Drunken self-extractions and desperate hospital visits seeking pain relief are the reality for people in Tai Rāwhiti who struggle to pay for dental work.
But a free dental service visiting the region for the first time is aiming to ease the burden.
One of its patients, Tony Tupuola, cannot stop smiling now she has had her teeth fixed.
The 20 years since she last saw a dentist, at high school, have been a world of pain.
The 38-year-old told Checkpoint appointments were expensive and there was usually a long wait to be seen.
"By the time you get there, you're in pain worse than labour.
"You get in there and they say it [a tooth] needs to be extracted. If you've not got the money, they send you away to go to WINZ," Tupuola said.
"You've now got another week or so wait for WINZ to get an appointment there, to grant you the quote to be able to go back, then you've got another four-week wait to get back into the dentist...
"I may as well use the kai money and make my family work off a smaller budget for that week so I'm out of pain."
Tupuola would treat her aching teeth with clover oil, heat packs and pain killers.
She had also resorted to self-extraction.
"Just down half a bottle of vodka and pull the pliers out - suffer the next morning," she said.
"The best one was going to A and E at 9pm in pain and them injecting me to numb it for 12 hours just so I could sleep, and [they gave] antibiotics.
"But, it's only a cover. It only works for a few hours then you're back," she said.
"It's my kids and my husband who suffer, because I'm fatigued. I'm in pain and I was just becoming a real bitch.

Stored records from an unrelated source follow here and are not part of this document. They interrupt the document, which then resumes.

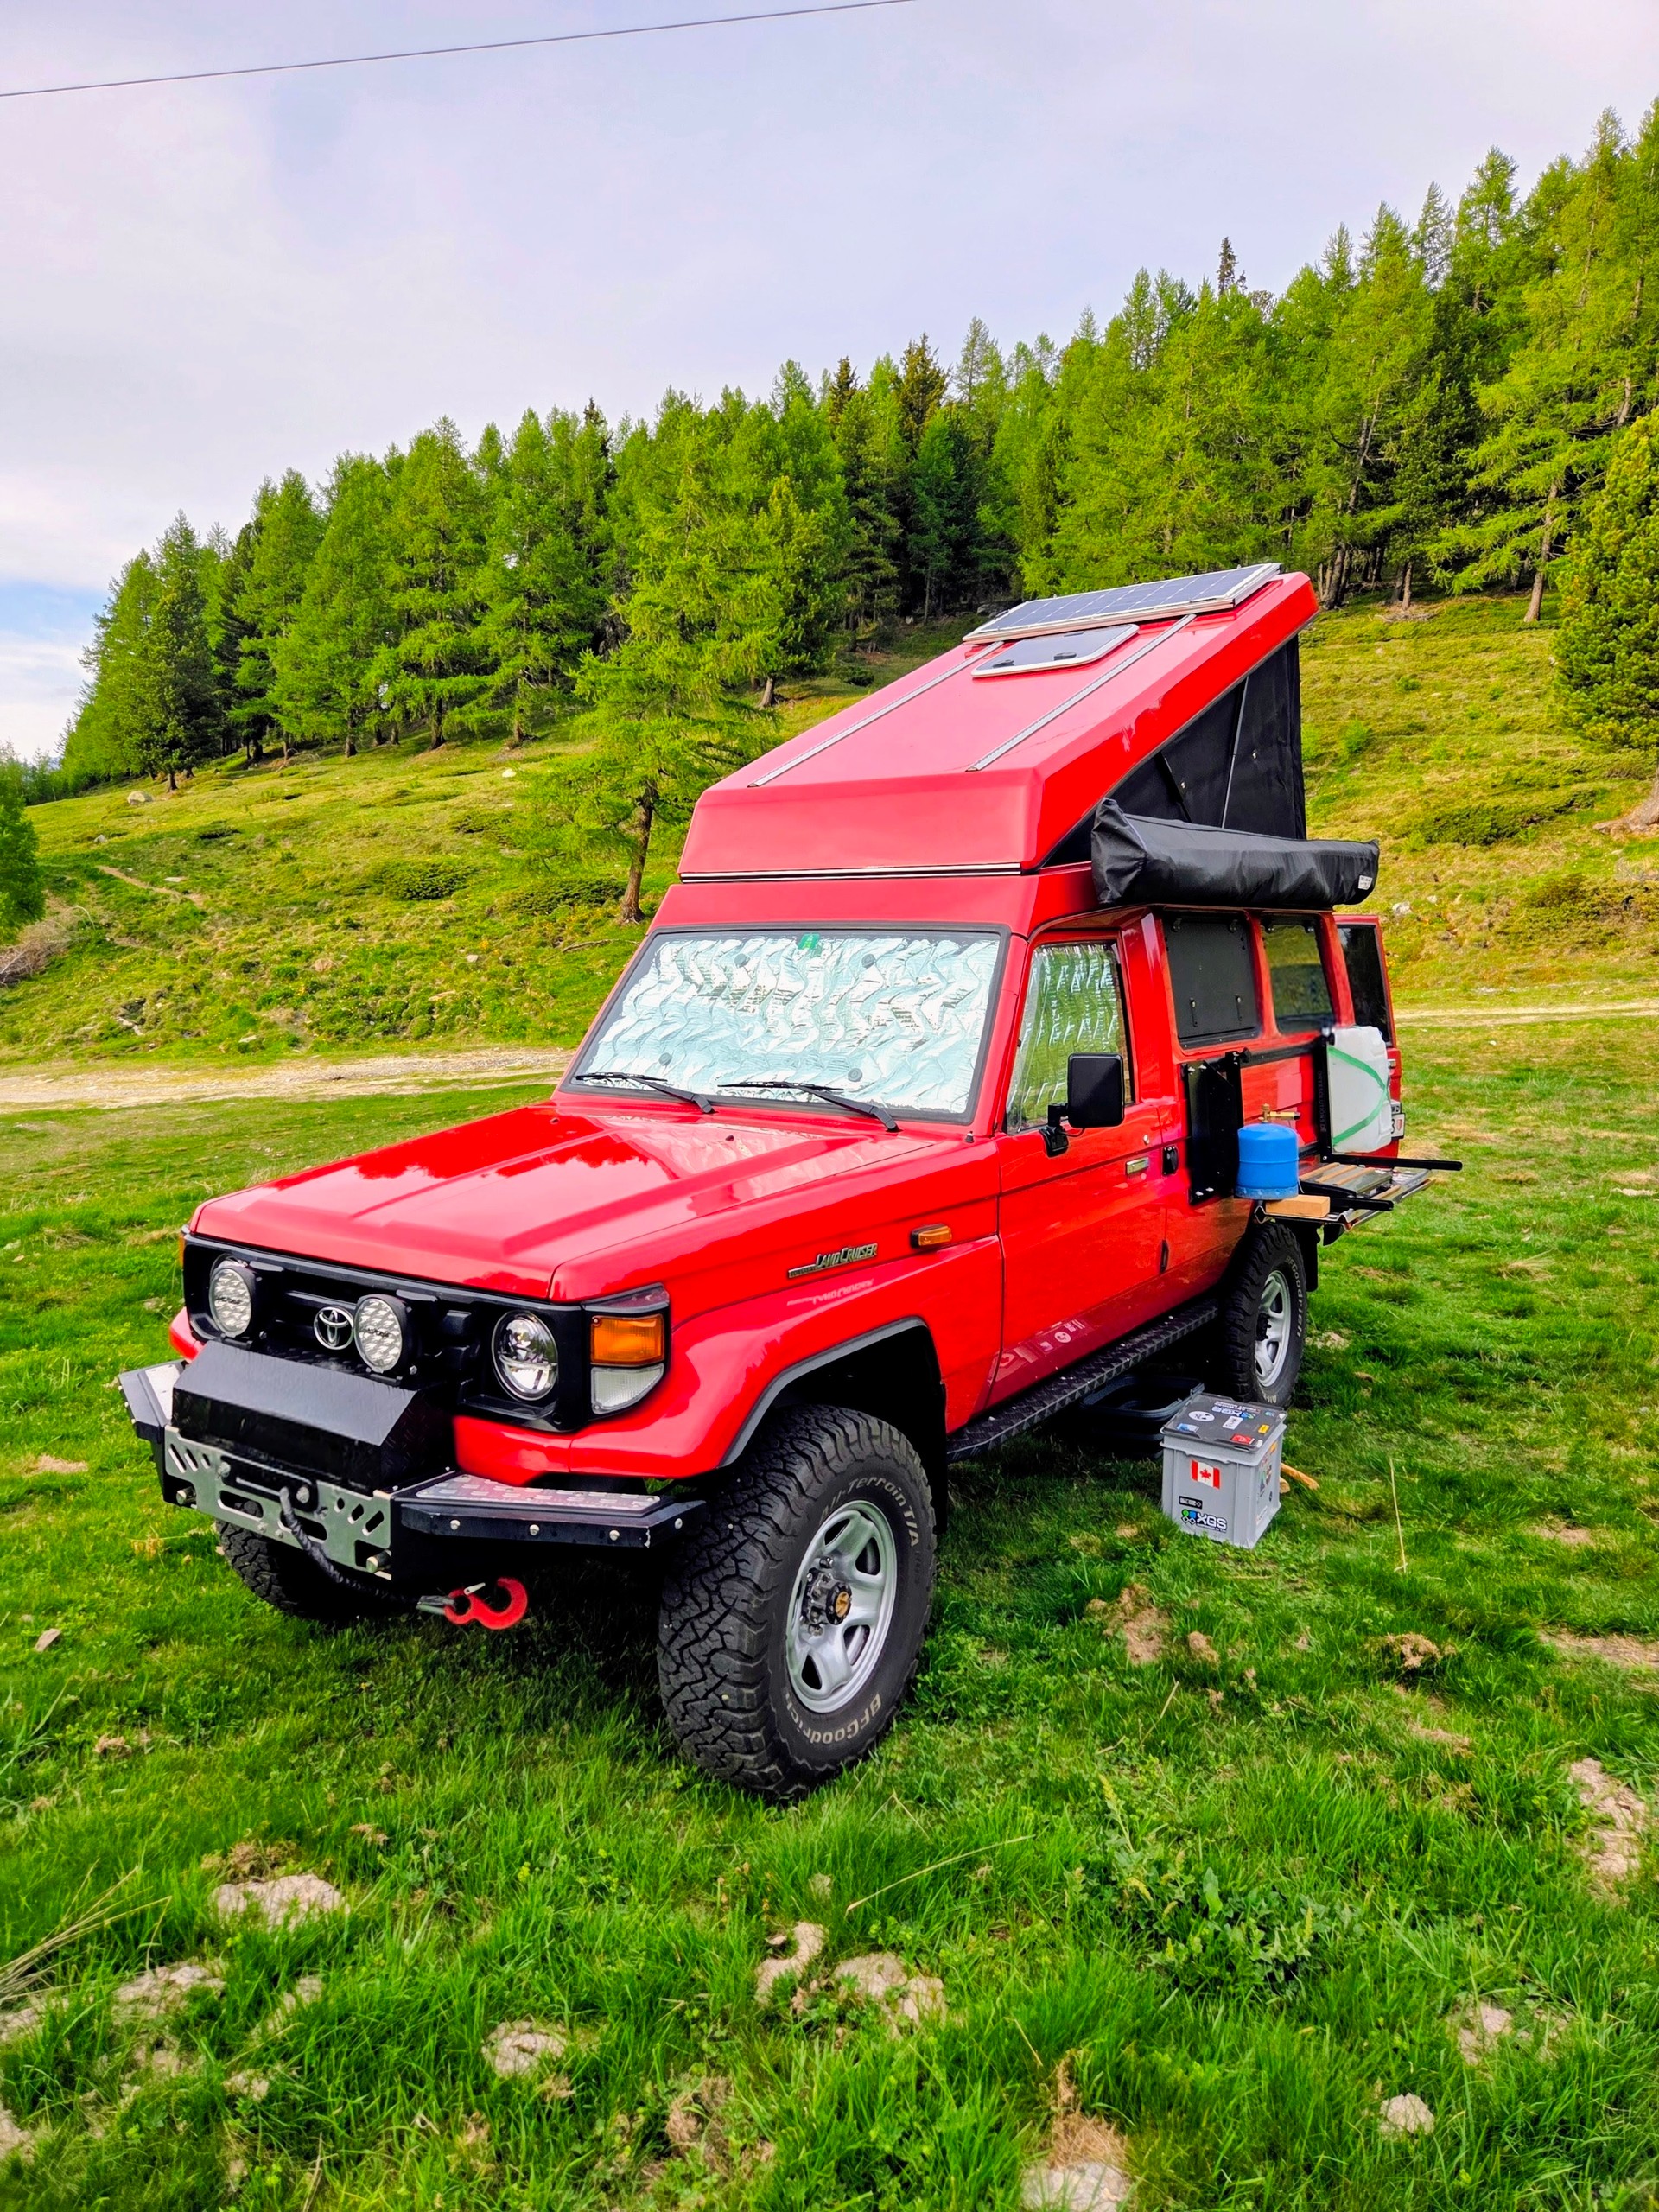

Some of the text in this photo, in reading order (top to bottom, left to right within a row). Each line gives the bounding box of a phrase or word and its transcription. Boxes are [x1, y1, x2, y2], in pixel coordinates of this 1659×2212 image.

[840, 1243, 878, 1263] CRUISER
[1285, 1255, 1303, 1338] BFGoodrich
[903, 1505, 920, 1548] T/A
[1197, 1512, 1227, 1529] XGS
[785, 1691, 882, 1745] BFGoodrich

I'd want to be locked away in a room."
That pain was a thing of the past after she received treatment during Trinity Koha dental's first Gisborne clinic.
"[I had] eight fillings - and I had a clean and scale, and I've also been connected with another fulla to get part dentures because I've got no molars left."

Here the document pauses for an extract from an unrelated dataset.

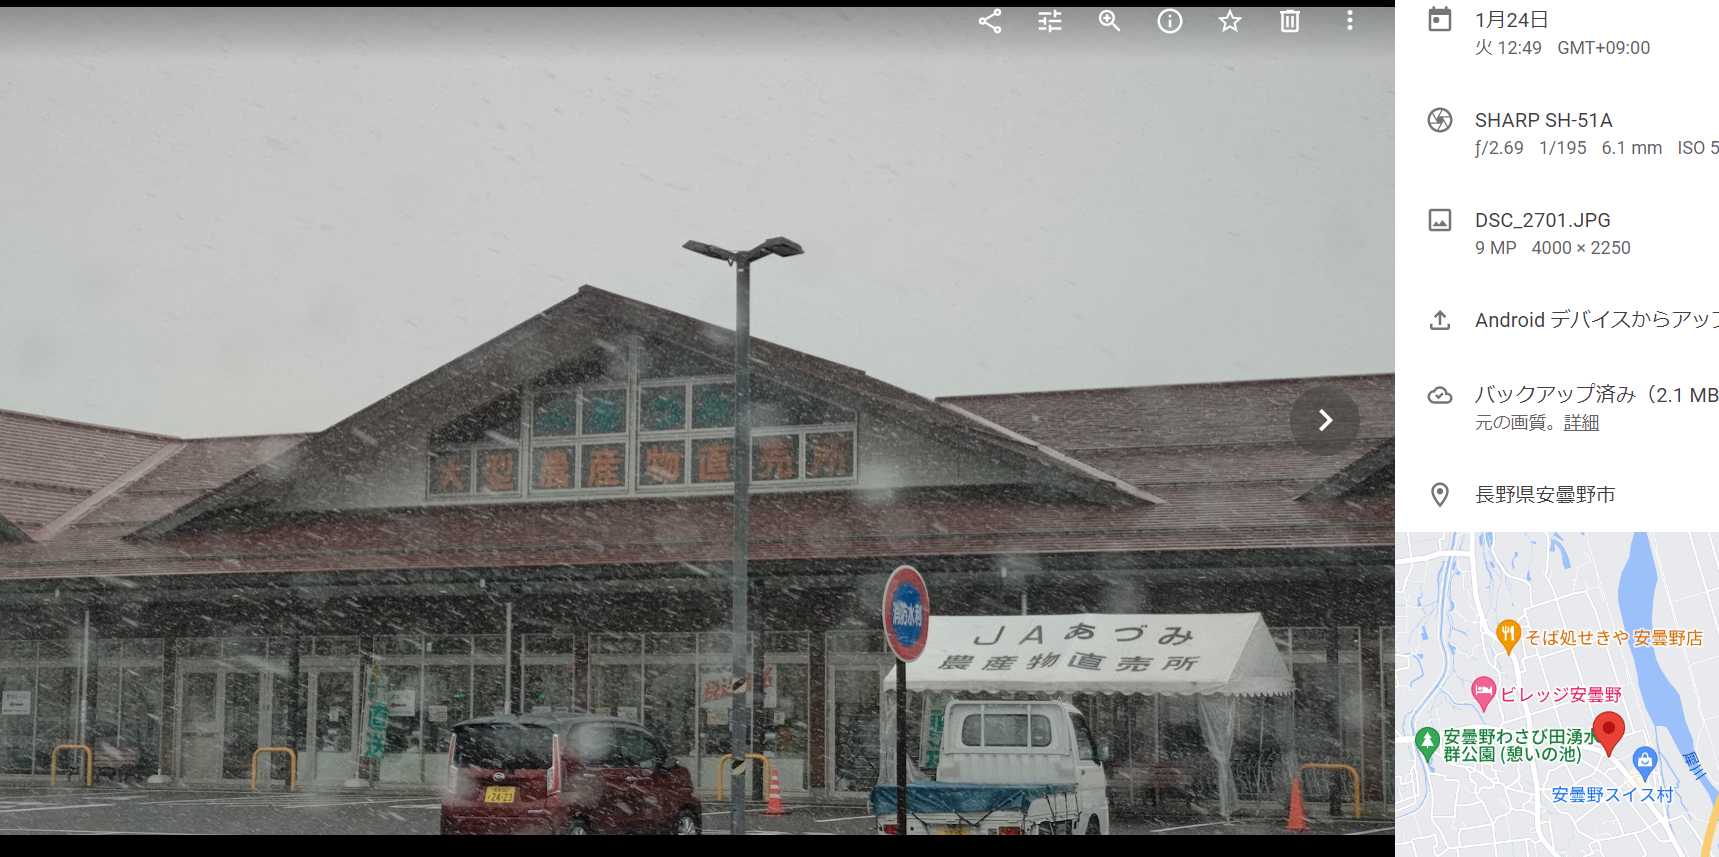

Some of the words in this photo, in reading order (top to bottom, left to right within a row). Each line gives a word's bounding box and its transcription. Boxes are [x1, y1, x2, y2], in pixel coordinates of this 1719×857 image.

[436, 437, 849, 492] 大型農産物直売所
[892, 601, 923, 627] 消防水利
[937, 651, 1202, 673] 農産物直売所

Tupuola said she wanted to get that work done and then she could enjoy eating a steak for the first time in ages.
The clinic, hosted by Māori health organisation Turanga Health in the suburb of Elgin, had focused on treating mothers.

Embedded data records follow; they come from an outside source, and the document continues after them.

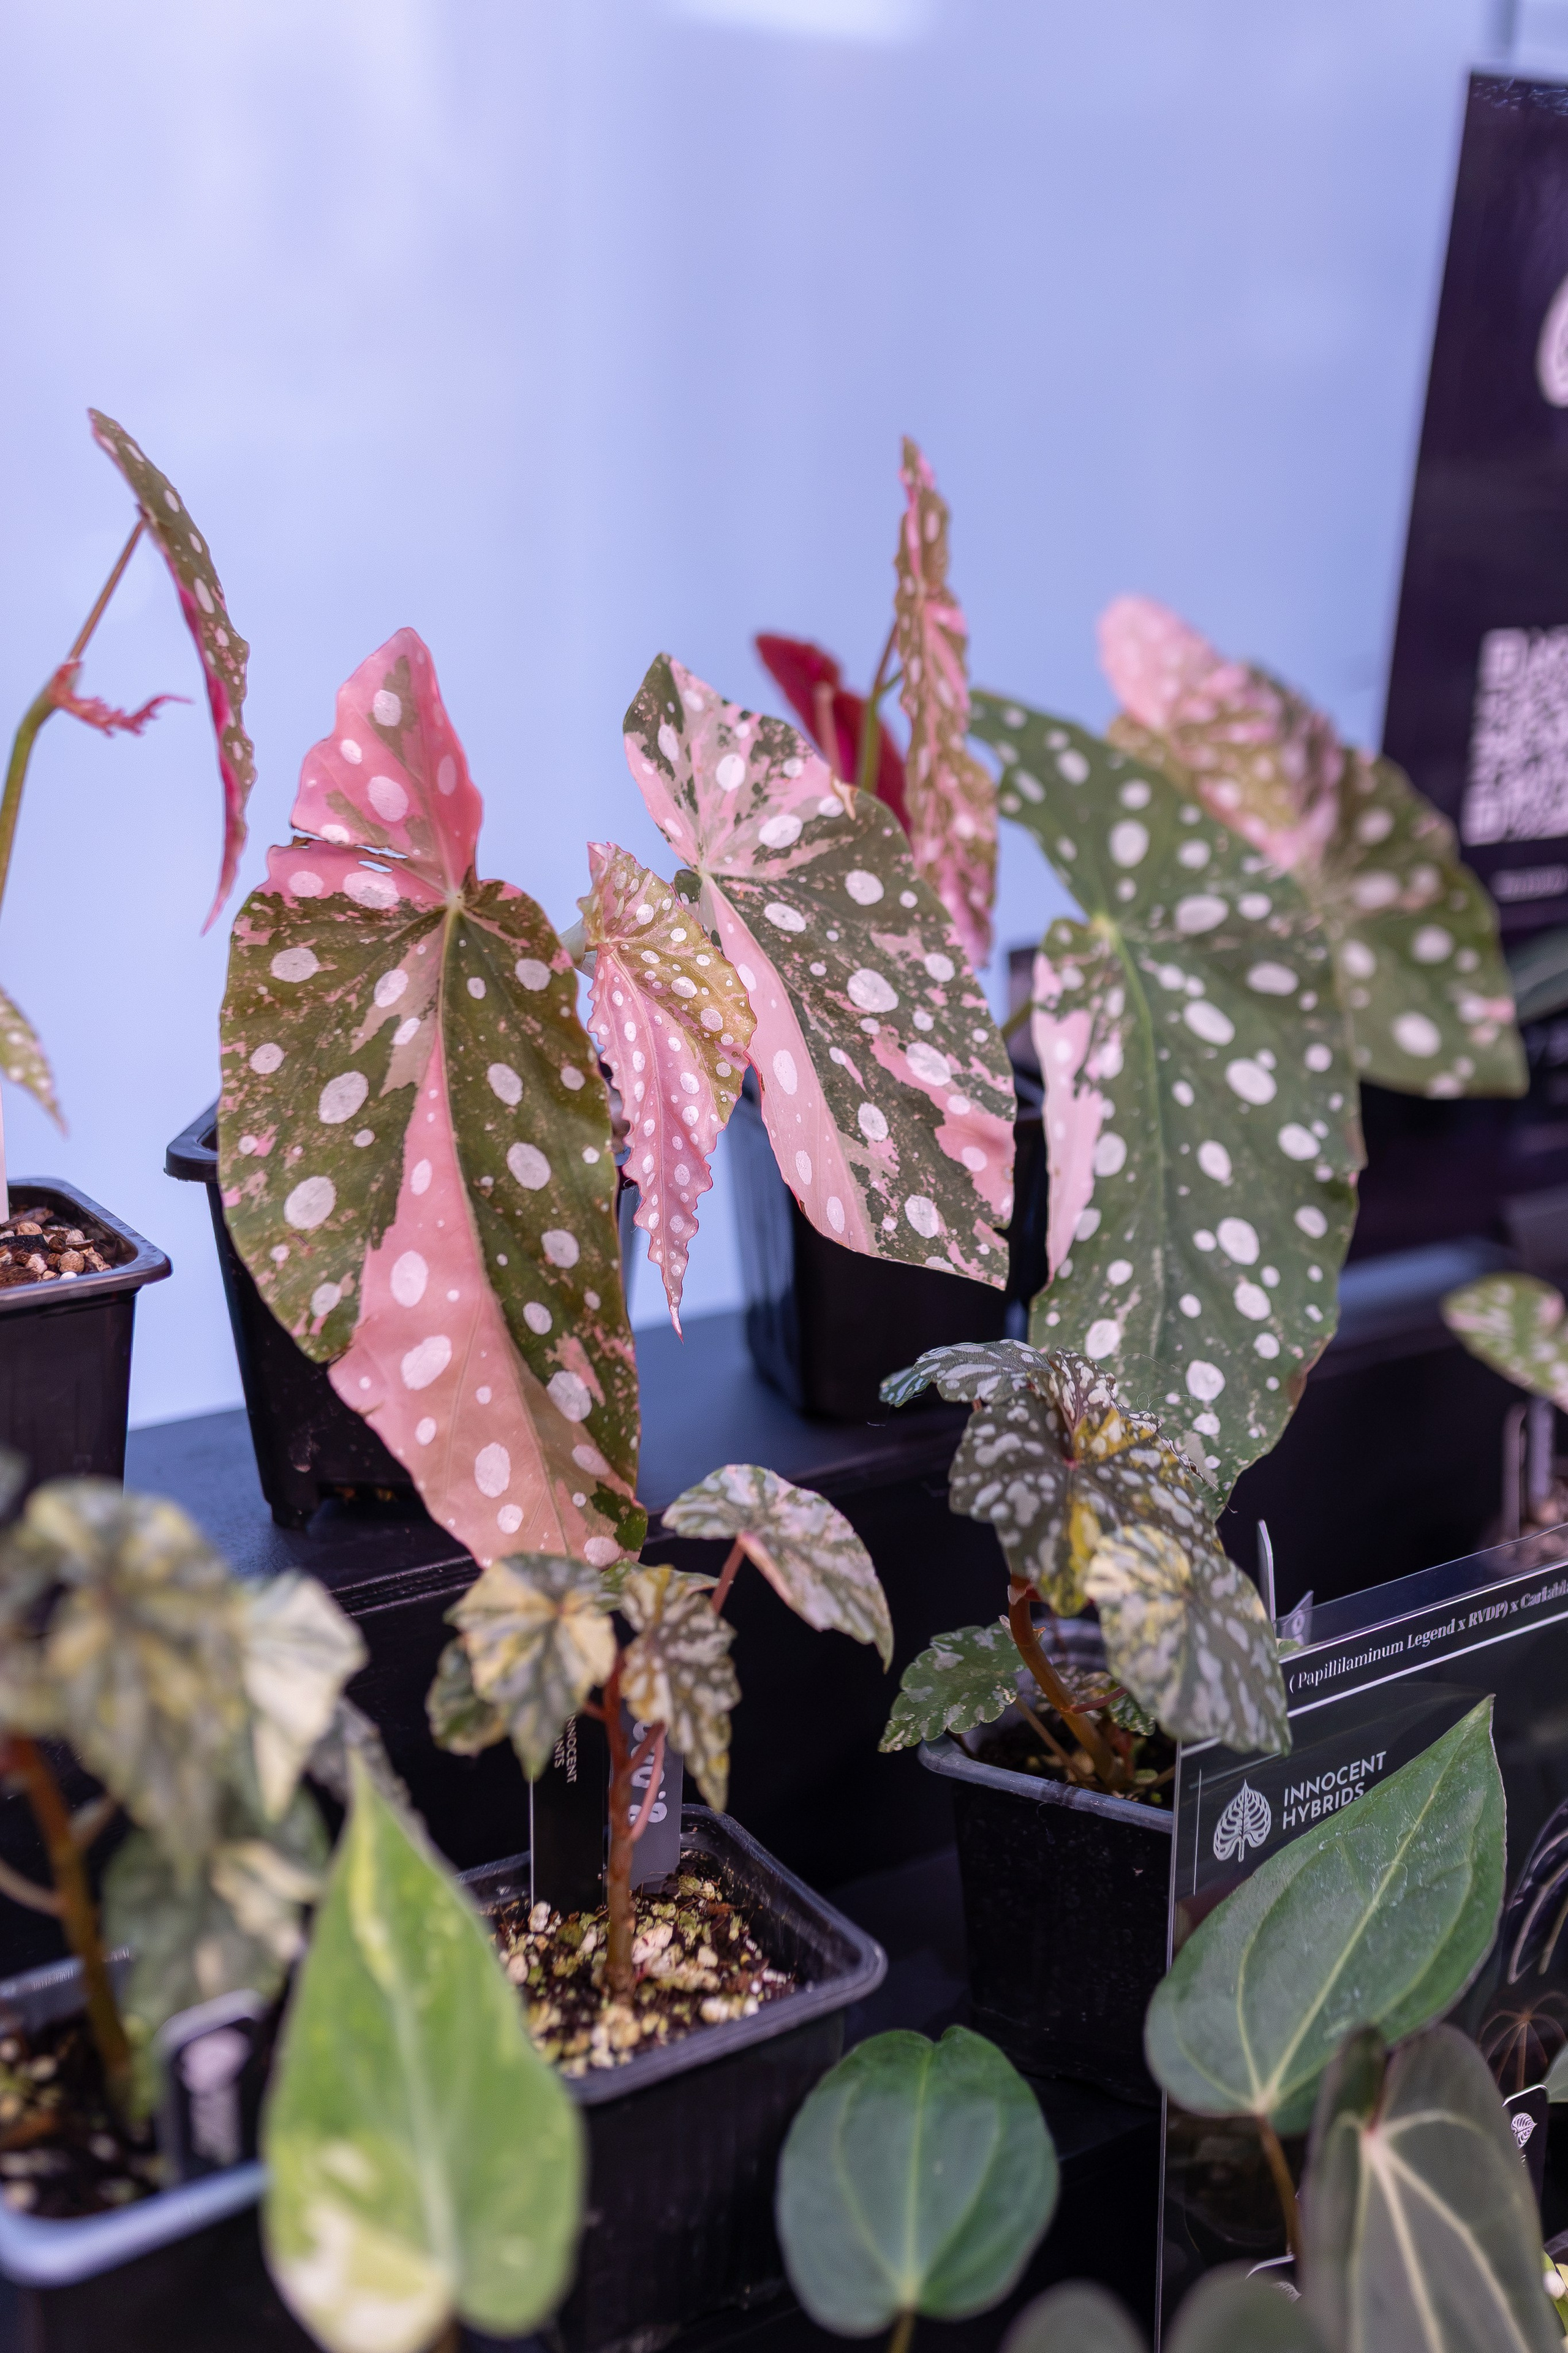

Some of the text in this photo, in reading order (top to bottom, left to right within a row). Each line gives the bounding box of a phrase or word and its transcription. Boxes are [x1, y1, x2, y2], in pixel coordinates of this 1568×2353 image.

[1407, 1618, 1455, 1649] Legend
[1457, 1618, 1466, 1632] x
[1468, 1600, 1509, 1628] RVDP)
[1509, 1600, 1520, 1614] x
[567, 1715, 577, 1783] NNOCENT
[1284, 1750, 1387, 1807] INNOCENT
[1283, 1781, 1365, 1830] HYBRIDS

The Trinity Koha clinic dentists and staff were volunteers and had been visiting Gisborne thanks to the efforts of Health New Zealand's Tairāwhiti Localities Plan and local health providers.
Amohaere Houkamau, from the locality project, said there was funding to take the clinics elsewhere in Tai Rāwhiti and East Coast over coming months, and they were aiming to treat about 500 people.
Affordability and availability of care were big issues, Houkamau said, and some parts of the wider region were without a dentist.
The Localities project had identified dental as one of the region's pressing health needs, and work was underway to develop a dental health strategy, Houkamau said.
Turanga Health population health kaiwhakahaere Dallas Poi said about $1000 was budgeted per person.
"Some of the māmā coming through here need a lot of work to be done on their teeth," she said.
"We've been able to do what we can in the space of time that they've come through, but there are definitely māmā out there who need ongoing treatment.
"That's something we'll work through together."
Poi said Turanga Health was also taking the chance to check on other things when the mums were in, such as whether children's vaccines were up to date.
Trinity Koha clinic co-ordinator Julia Parker said it had mostly operated in south Waikato and Bay of Plenty, and while the clinic would love to go further afield its capacity was maxed out.
"Across the board, we see the same thing everywhere we go," she said.
"We were in Ōpōtiki in April... we had some wives call us from Ōpōtiki saying, 'Thank you for giving me my husband back.'
"The treatment had made a huge difference to their whole whānau."
The clinic has since visited Ūawa Tolaga Bay.